In this context, some researchers from universities such as Renmin University of China and Zhejiang University have submitted over 10,000 papers to GPT-4, requesting it to provide answers on "the risk of retraction" based on these papers and comparing them with human predictions.

The results show that GPT-4 performs well in this regard.

Although recent reports on ChatGPT have raised concerns among scholars that the existence of AI models may lead to academic misconduct, there are also ways to maintain academic integrity. In order to enable ChatGPT to predict whether papers will be retracted, the research group first explored the question of "whether it has this ability itself."

According to evidence, many problematic papers will appear on social media platforms such as Twitter before being deleted.

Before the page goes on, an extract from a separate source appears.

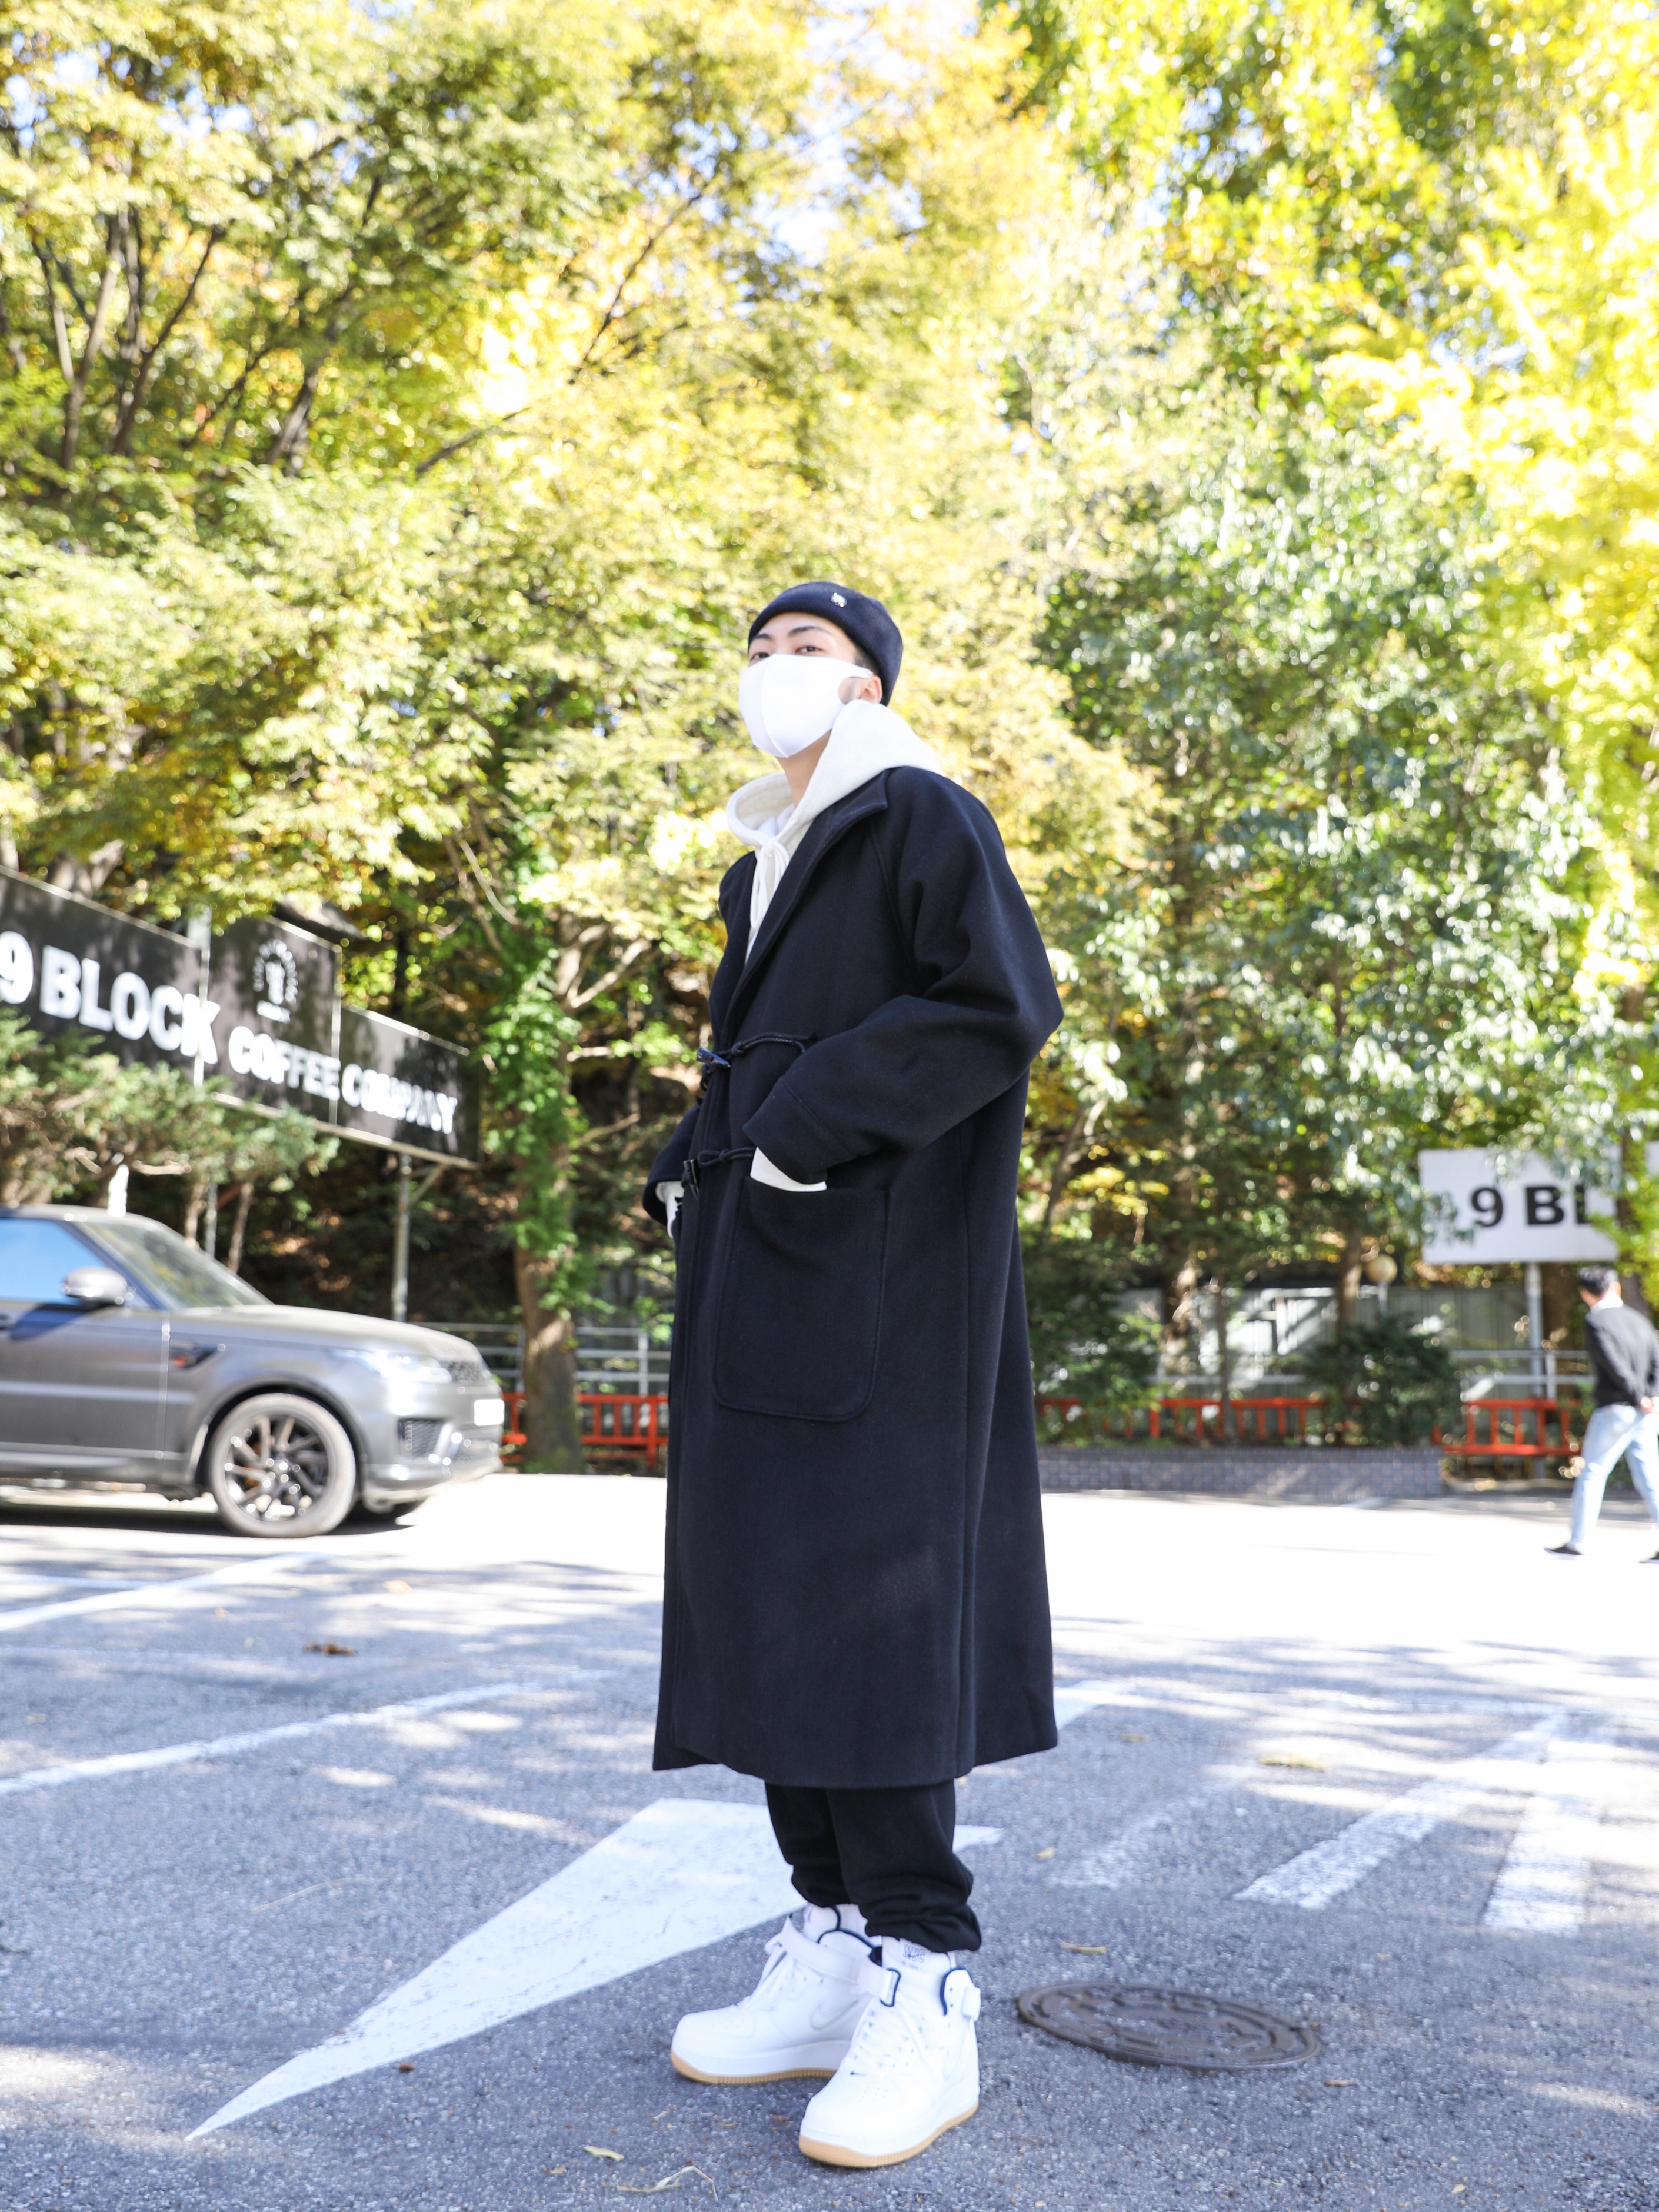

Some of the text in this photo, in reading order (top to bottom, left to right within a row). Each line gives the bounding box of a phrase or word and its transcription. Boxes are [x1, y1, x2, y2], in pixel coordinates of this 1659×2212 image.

[0, 931, 221, 1064] 9 BLOCK
[228, 1025, 458, 1135] COFFEE COMPANY
[1471, 1187, 1504, 1227] 9

To verify whether it has the ability to predict retractions, the research group collected 3,505 rejected papers, including 3,505 unretracted papers obtained through a rough matching algorithm. These features include journal publication, year of publication, number of authors, and quantity. Out of the 7,010 mentioned articles, tweet data were obtained through the Twitter API, including tweet publication time and content. After screening, it was found that there were 8,367 withdrawn English tweets, while there were 6,180 unretracted English tweets.

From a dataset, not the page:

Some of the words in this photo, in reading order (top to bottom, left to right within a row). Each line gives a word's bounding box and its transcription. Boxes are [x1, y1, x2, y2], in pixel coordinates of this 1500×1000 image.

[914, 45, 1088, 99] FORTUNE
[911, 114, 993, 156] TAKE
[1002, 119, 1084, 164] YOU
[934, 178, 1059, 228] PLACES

Human prediction (researchers predicting whether a paper will be retracted based on tweets) is an important research indicator that can be used to measure the degree of match between models and human algorithms. According to human predictions, if humans perceive problems in the articles, the probability of retraction is as high as 93%, indicating that certain tweets can accurately predict the likelihood of paper retractions.

However, the proportion of articles predicted to be retracted by humans is not high, accounting for only about 16% (recall rate = 16%). Therefore, although only a small proportion of tweets exhibit obvious signs of problems before the retraction of articles, these signs do exist. In this case, critical tweets can serve as catalysts for the retraction of papers, highlighting the value of incorporating them into early research integrity warning systems.

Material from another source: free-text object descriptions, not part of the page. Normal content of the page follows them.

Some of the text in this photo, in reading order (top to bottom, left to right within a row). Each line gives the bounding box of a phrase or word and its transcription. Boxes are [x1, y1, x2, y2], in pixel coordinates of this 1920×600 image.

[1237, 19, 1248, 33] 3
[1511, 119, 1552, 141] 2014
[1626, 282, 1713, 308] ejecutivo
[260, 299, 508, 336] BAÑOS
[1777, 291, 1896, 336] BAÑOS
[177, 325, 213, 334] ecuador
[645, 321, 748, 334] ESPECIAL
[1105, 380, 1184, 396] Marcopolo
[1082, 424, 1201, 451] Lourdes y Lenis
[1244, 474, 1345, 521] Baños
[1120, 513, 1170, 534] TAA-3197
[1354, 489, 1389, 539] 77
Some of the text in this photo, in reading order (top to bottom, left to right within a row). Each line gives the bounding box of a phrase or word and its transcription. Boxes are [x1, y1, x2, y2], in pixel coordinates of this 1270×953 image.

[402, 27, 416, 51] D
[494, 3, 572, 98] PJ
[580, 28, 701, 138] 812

Researchers found that comments that effectively predict retracted articles can be divided into two categories:

The first category directly emphasizes errors or academic misconduct in the articles;

The second category highlights doubts about the quality of the articles in a critical or ironic manner.

This information helps journals investigate articles, and once serious issues are discovered, articles may be retracted. In this context, critical comments can promote the retraction of articles, highlighting the importance of incorporating them into early warning systems for research integrity.